Prevention of allergic reactions during oxaliplatin desensitization through inhibition of Bruton tyrosine kinase

Kristin A Erickson; James E Norton; Jennifer Law; Nicole Soriano; Malgorzata Strojny; Nicole Gentry; Morgan Fried; Bruce S Bochner; Sheetal Kircher; Whitney W Stevens

doi:10.1016/j.jaci.2024.03.010

Prevention of allergic reactions during oxaliplatin desensitization through inhibition of Bruton tyrosine kinase

J Allergy Clin Immunol. 2024 Mar 21:S0091-6749(24)00294-X. doi: 10.1016/j.jaci.2024.03.010. Online ahead of print.

Affiliations

¹ Division of Allergy and Immunology, Northwestern Medicine, Chicago, Ill.
² Department of Pharmacy, Northwestern Medicine, Chicago, Ill.
³ Division of Hematology and Oncology, Northwestern University Feinberg School of Medicine, Chicago, Ill.
⁴ Division of Allergy and Immunology, Northwestern Medicine, Chicago, Ill. Electronic address: whitney-stevens@northwestern.edu.

PMID: 38521096
DOI: 10.1016/j.jaci.2024.03.010

Abstract

Background: Acute infusion reactions to oxaliplatin, a chemotherapeutic used to treat gastrointestinal cancers, are observed in about 20% of patients. Rapid drug desensitization (RDD) protocols often allow the continuation of oxaliplatin in patients with no alternative options. Breakthrough symptoms, including anaphylaxis, can still occur during RDD.

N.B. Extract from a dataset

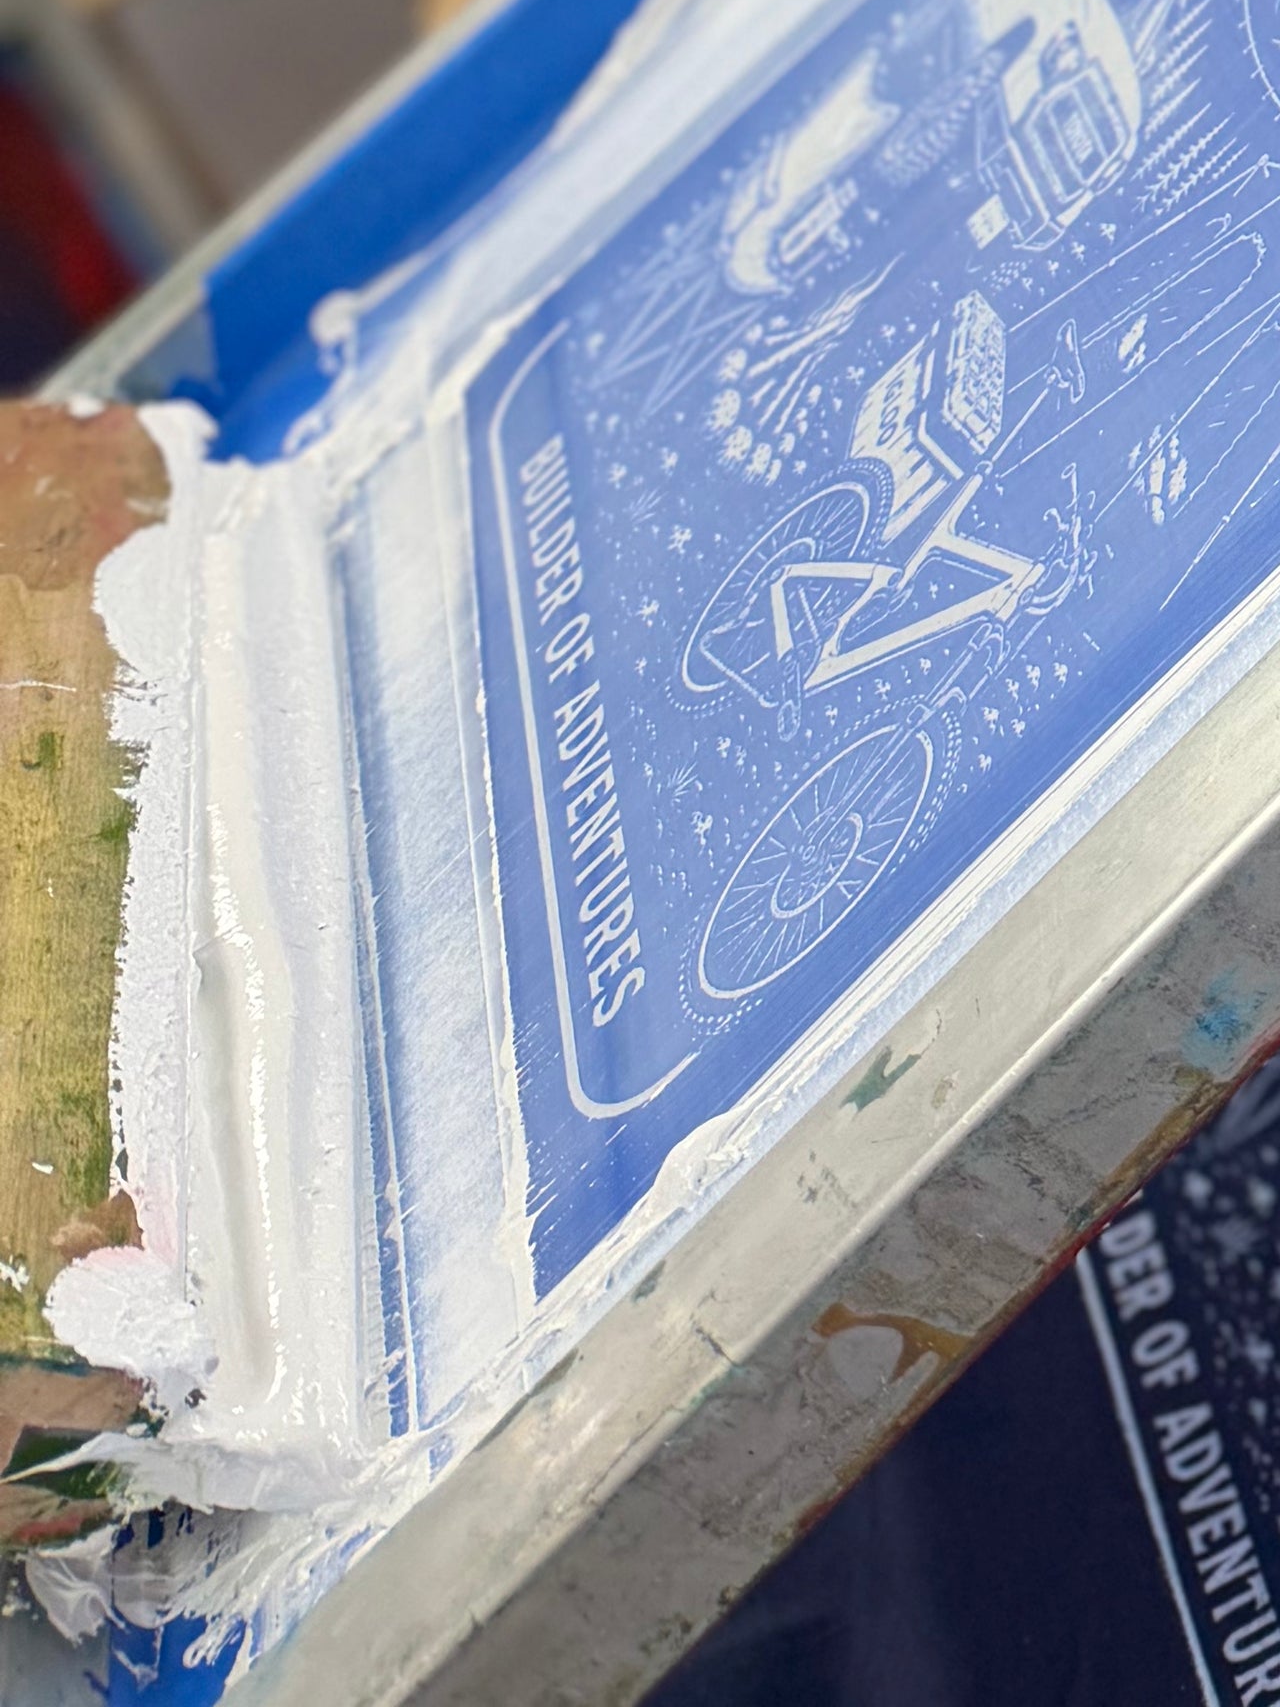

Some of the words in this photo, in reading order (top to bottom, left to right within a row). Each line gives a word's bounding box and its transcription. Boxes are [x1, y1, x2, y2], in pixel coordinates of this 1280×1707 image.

[520, 433, 584, 626] BUILDER
[545, 612, 595, 684] OF
[554, 679, 646, 1028] ADVENTURES
[1132, 1319, 1199, 1390] OF

Objective: Our aim was to evaluate whether pretreatment with acalabrutinib, a Bruton tyrosine kinase inhibitor, can prevent anaphylaxis during RDD in a patient sensitized to oxaliplatin.

Methods: A 52-year-old male with locally advanced gastric carcinoma developed anaphylaxis during his fifth cycle of oxaliplatin. As he required 6 additional cycles to complete his curative-intent treatment regimen, he underwent RDD to oxaliplatin but still developed severe acute reactions. The risks and benefits of adding acalabrutinib before and during RDD were reviewed, and the patient elected to proceed.

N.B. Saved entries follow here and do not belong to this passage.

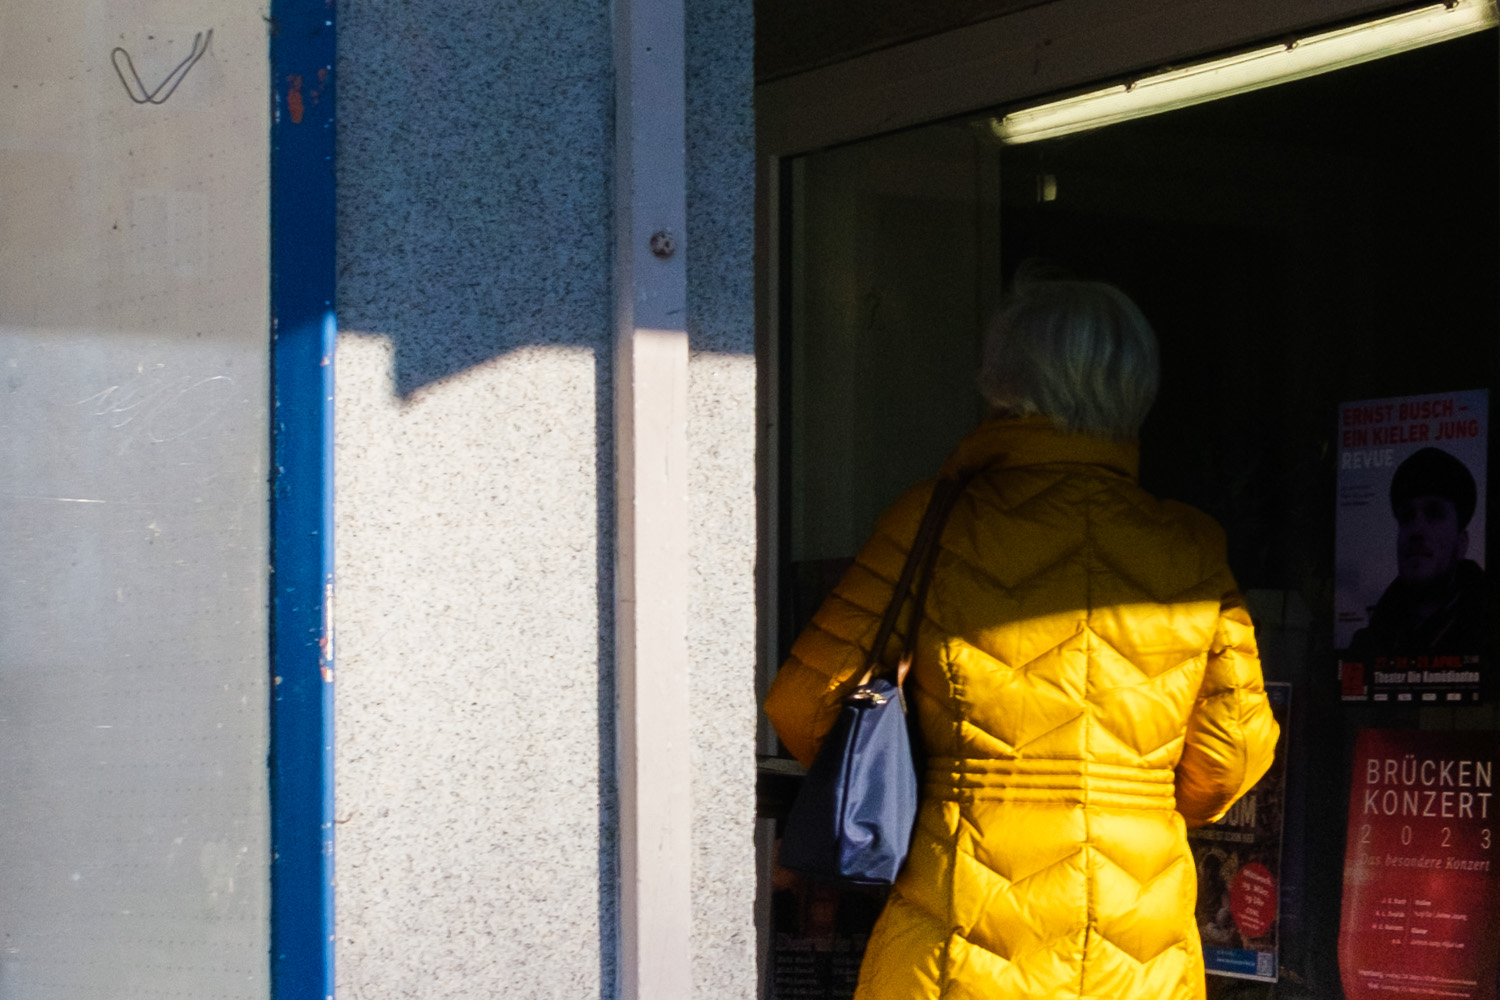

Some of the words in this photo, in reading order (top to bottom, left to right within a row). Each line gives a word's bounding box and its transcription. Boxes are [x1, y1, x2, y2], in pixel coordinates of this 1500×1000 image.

[1343, 405, 1393, 426] ERNST
[1399, 400, 1454, 420] BUSCH
[1343, 429, 1368, 448] EIN
[1373, 424, 1429, 445] KIELER
[1435, 419, 1479, 441] JUNG
[1341, 449, 1393, 470] REVUE
[1366, 754, 1492, 788] BRÜCKEN
[1363, 789, 1493, 819] KONZERT
[1385, 854, 1442, 869] besondere
[1445, 857, 1491, 872] Konzert

Results: With acalabrutinib taken before and during the RDD, the patient was able to tolerate oxaliplatin RDD without complication. Consistent with its mechanism of action, acalabrutinib completely blocked the patient's positive skin prick response to oxaliplatin. Acalabrutinib did not alter the percentage of circulating basophils (1.24% vs 0.98%) before the RDD but did protect against basopenia (0.74% vs 0.09%) after the RDD. Acalabrutinib was associated with a drastic reduction in the ability of basophils to upregulate CD63 in vitro following incubation with oxaliplatin (0.11% vs 2.38%) or polyclonal anti-human IgE antibody (0.08% vs 44.2%).

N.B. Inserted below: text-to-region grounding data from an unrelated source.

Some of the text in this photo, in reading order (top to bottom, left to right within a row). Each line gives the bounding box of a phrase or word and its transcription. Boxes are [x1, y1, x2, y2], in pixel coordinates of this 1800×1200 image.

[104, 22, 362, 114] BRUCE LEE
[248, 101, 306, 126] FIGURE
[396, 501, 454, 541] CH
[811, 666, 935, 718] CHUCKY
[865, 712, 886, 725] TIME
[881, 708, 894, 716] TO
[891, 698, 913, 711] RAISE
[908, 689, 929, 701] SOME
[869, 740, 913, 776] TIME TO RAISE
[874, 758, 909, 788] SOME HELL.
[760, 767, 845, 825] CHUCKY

Conclusions: Five doses of acalabrutinib, 100 mg, orally twice daily starting during the evening 2 days before and continuing through RDD allowed a sensitized patient to receive oxaliplatin successfully and safely.

Keywords: Acalabrutinib; Bruton tyrosine kinase inhibitor; acute hypersensitivity reaction; anaphylaxis; basophil; chemotherapy; drug allergy; infusion reaction; oxaliplatin; rapid drug desensitization.